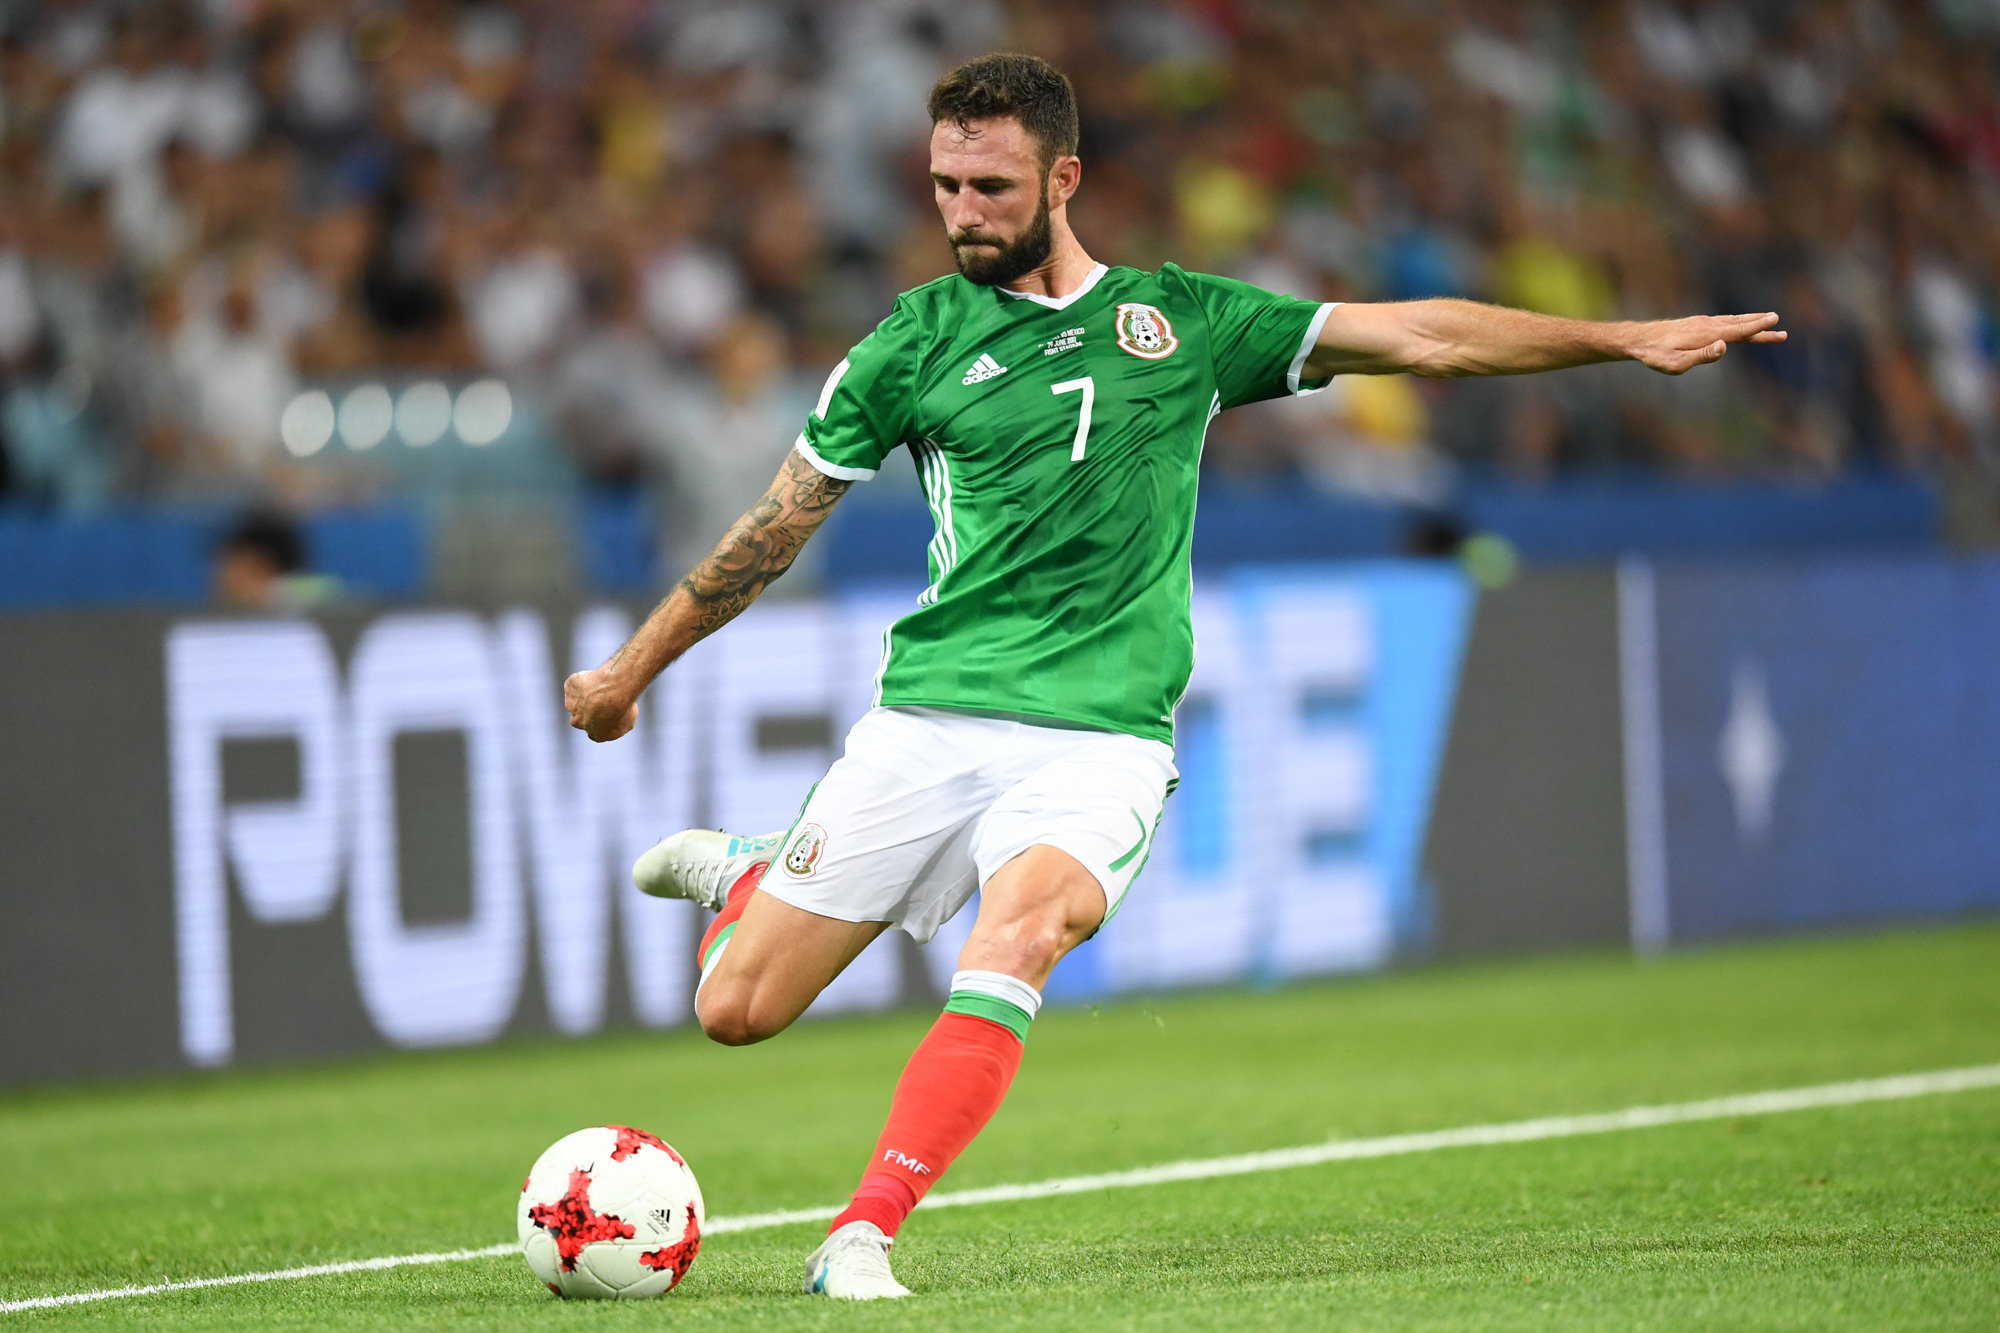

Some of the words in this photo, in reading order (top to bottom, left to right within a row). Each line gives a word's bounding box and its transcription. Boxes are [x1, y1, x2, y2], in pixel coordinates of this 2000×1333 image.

[1066, 327, 1085, 336] MEXICO
[1053, 338, 1067, 347] JUNE
[962, 366, 1008, 386] adidas
[1050, 376, 1095, 462] 7
[883, 1149, 931, 1175] FMF
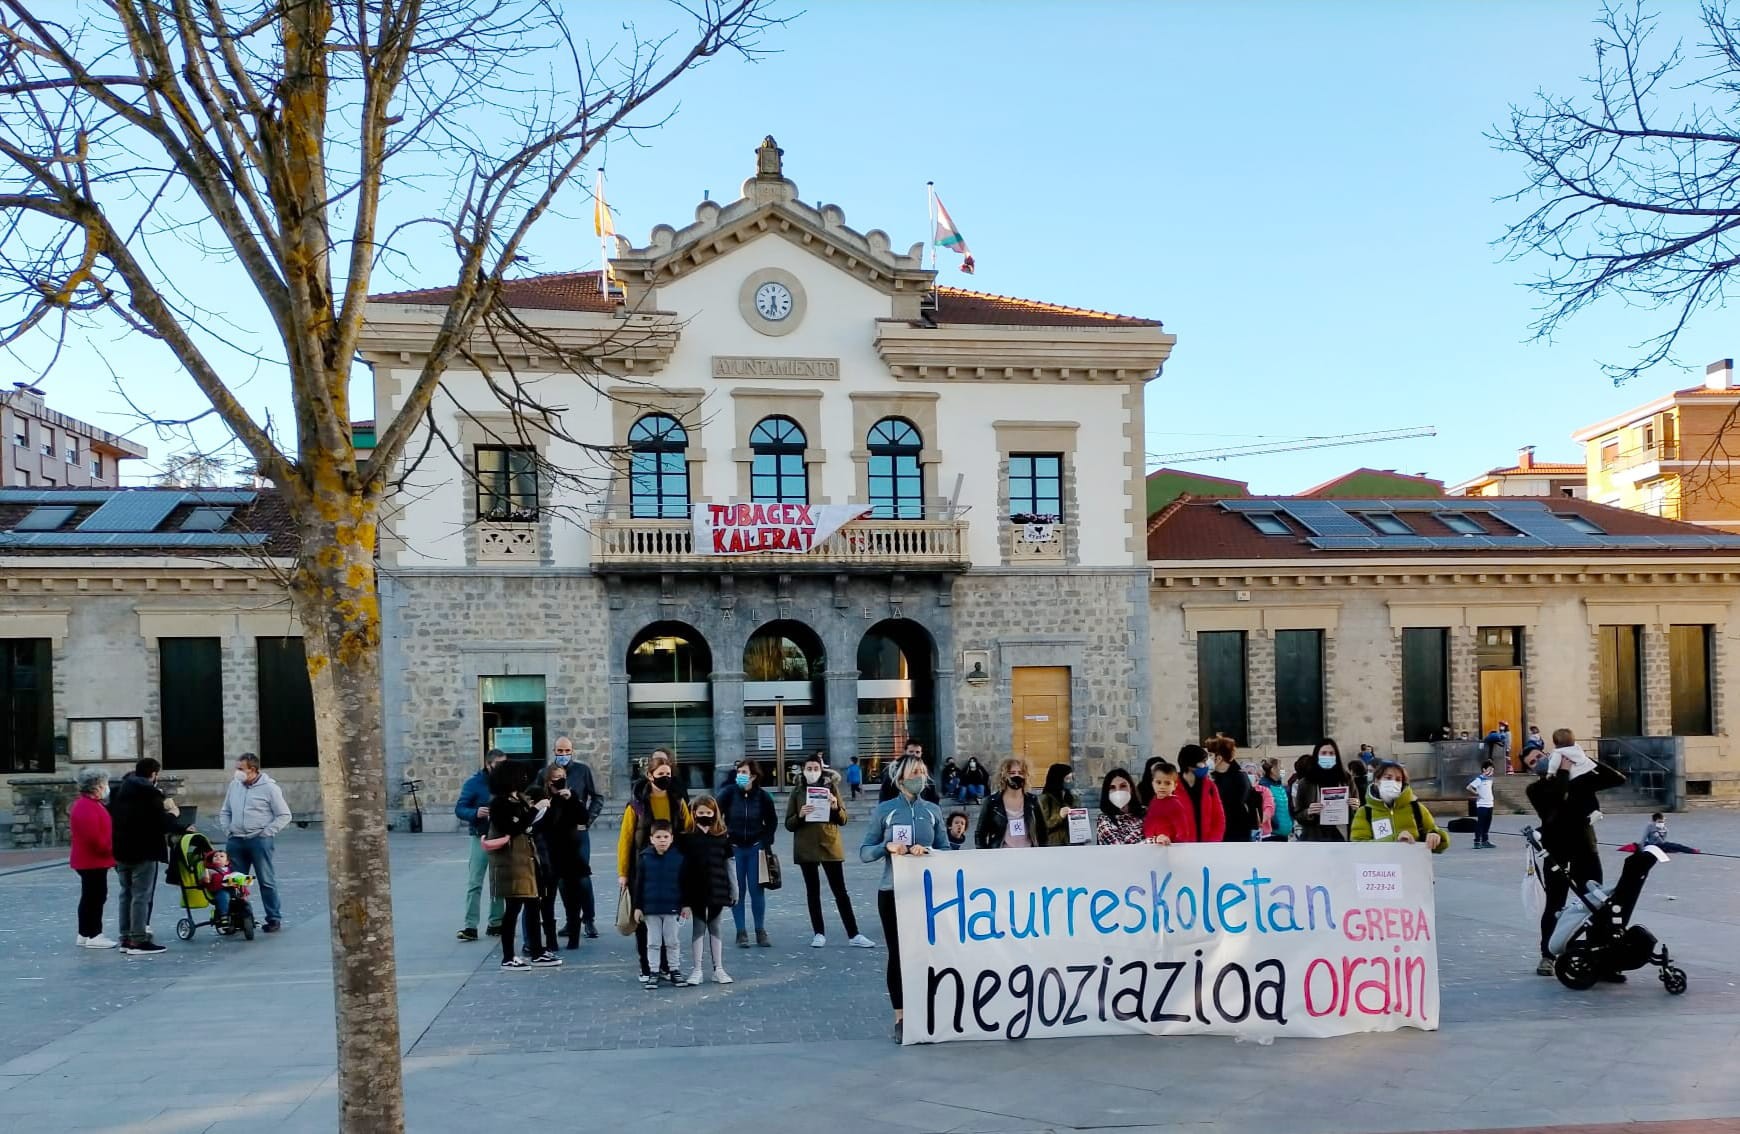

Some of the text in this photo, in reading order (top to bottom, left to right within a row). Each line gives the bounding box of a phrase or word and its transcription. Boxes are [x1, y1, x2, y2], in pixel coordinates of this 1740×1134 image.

[717, 359, 835, 377] AYUNTAMIENTO
[707, 503, 814, 526] TUBACEX
[712, 527, 816, 553] KALERAT
[1362, 870, 1396, 878] OTSAILAK
[1365, 884, 1395, 892] 22-23-24
[923, 867, 1336, 944] Haurreskoletan
[1343, 907, 1431, 941] GREBA
[927, 945, 1427, 1040] negoziazioa orain
•••
**Problem**
Pictures don't belong in the copy. Restate all the entries exactly.

**Task output**
Some of the words in this photo, in reading order (top to bottom, left to right within a row). Each line gives a word's bounding box and its transcription. Boxes are [x1, y1, x2, y2], in pixel coordinates of this 2000×1333 image.

[1066, 327, 1085, 336] MEXICO
[1053, 338, 1067, 347] JUNE
[962, 366, 1008, 386] adidas
[1050, 376, 1095, 462] 7
[883, 1149, 931, 1175] FMF

Some of the text in this photo, in reading order (top to bottom, left to right within a row). Each line gives the bounding box of a phrase or word and its transcription. Boxes are [x1, y1, x2, y2], in pixel coordinates of this 1740×1134 image.

[717, 359, 835, 377] AYUNTAMIENTO
[707, 503, 814, 526] TUBACEX
[712, 527, 816, 553] KALERAT
[1362, 870, 1396, 878] OTSAILAK
[1365, 884, 1395, 892] 22-23-24
[923, 867, 1336, 944] Haurreskoletan
[1343, 907, 1431, 941] GREBA
[927, 945, 1427, 1040] negoziazioa orain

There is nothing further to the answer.